--- Given data Enclosed Below ---
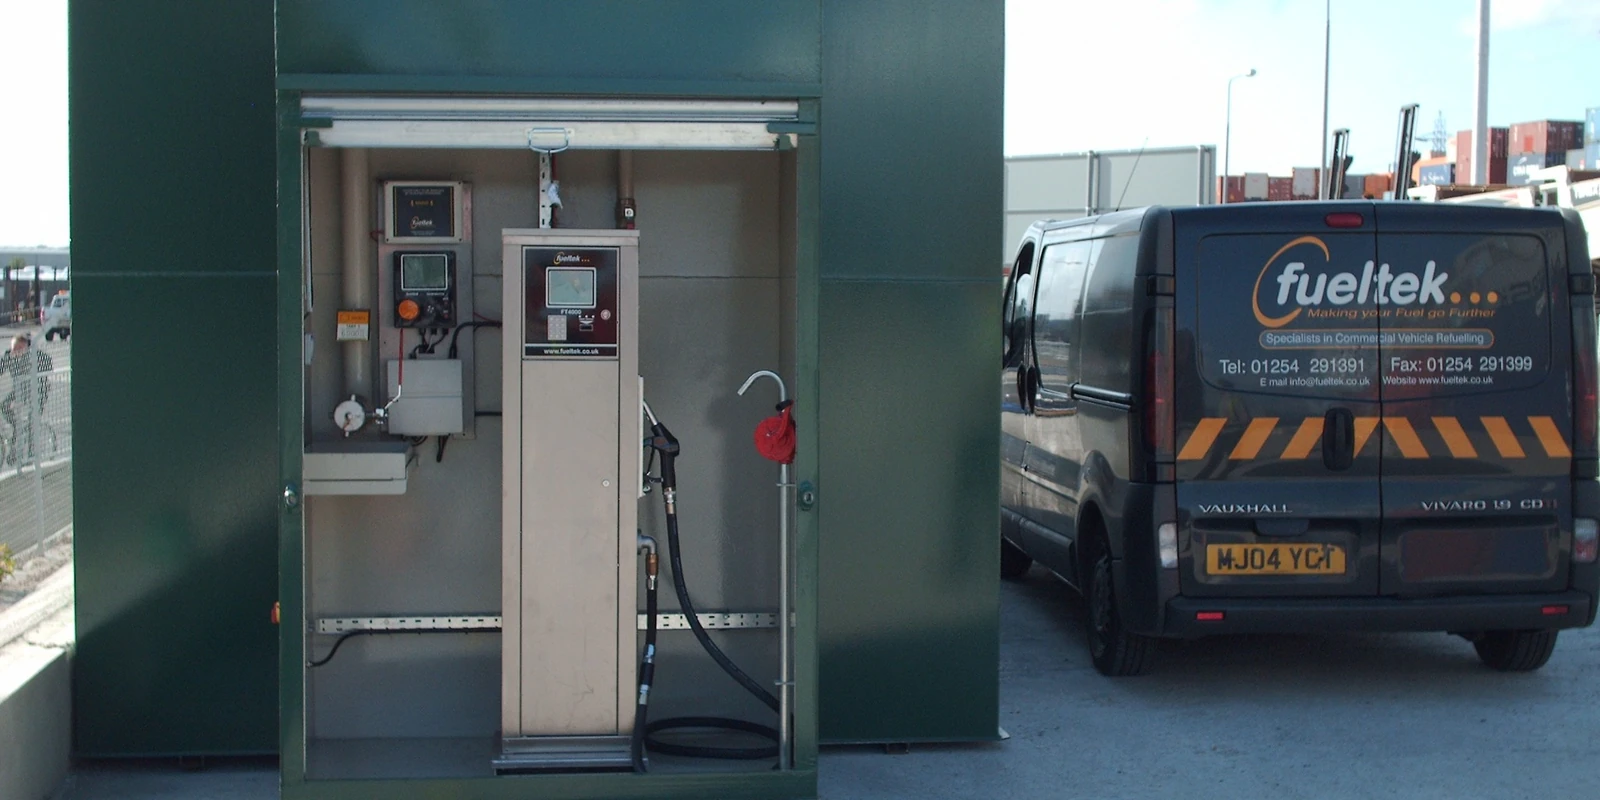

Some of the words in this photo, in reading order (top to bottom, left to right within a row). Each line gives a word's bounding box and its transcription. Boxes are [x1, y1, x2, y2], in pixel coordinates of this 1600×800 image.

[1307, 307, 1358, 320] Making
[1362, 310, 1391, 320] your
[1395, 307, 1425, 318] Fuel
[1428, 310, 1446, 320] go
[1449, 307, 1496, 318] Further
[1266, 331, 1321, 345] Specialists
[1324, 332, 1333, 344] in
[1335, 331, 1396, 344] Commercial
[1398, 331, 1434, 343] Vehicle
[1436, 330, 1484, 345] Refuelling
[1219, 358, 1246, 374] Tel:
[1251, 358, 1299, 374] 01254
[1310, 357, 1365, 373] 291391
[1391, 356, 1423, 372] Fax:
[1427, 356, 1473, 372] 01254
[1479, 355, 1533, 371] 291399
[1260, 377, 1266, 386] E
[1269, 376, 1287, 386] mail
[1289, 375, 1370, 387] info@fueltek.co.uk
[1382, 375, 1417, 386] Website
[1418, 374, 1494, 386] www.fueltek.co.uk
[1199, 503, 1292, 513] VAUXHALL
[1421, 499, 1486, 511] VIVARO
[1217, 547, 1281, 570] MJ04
--- End of Enclosed Given data ---
_Problem description:_ Your copy must hold every record above in its exact wording and must hold no pictures.

_Exercise output:_
Some of the words in this photo, in reading order (top to bottom, left to right within a row). Each line gives a word's bounding box and its transcription. Boxes are [x1, y1, x2, y2], in pixel coordinates of this 1600×800 image.

[1307, 307, 1358, 320] Making
[1362, 310, 1391, 320] your
[1395, 307, 1425, 318] Fuel
[1428, 310, 1446, 320] go
[1449, 307, 1496, 318] Further
[1266, 331, 1321, 345] Specialists
[1324, 332, 1333, 344] in
[1335, 331, 1396, 344] Commercial
[1398, 331, 1434, 343] Vehicle
[1436, 330, 1484, 345] Refuelling
[1219, 358, 1246, 374] Tel:
[1251, 358, 1299, 374] 01254
[1310, 357, 1365, 373] 291391
[1391, 356, 1423, 372] Fax:
[1427, 356, 1473, 372] 01254
[1479, 355, 1533, 371] 291399
[1260, 377, 1266, 386] E
[1269, 376, 1287, 386] mail
[1289, 375, 1370, 387] info@fueltek.co.uk
[1382, 375, 1417, 386] Website
[1418, 374, 1494, 386] www.fueltek.co.uk
[1199, 503, 1292, 513] VAUXHALL
[1421, 499, 1486, 511] VIVARO
[1217, 547, 1281, 570] MJ04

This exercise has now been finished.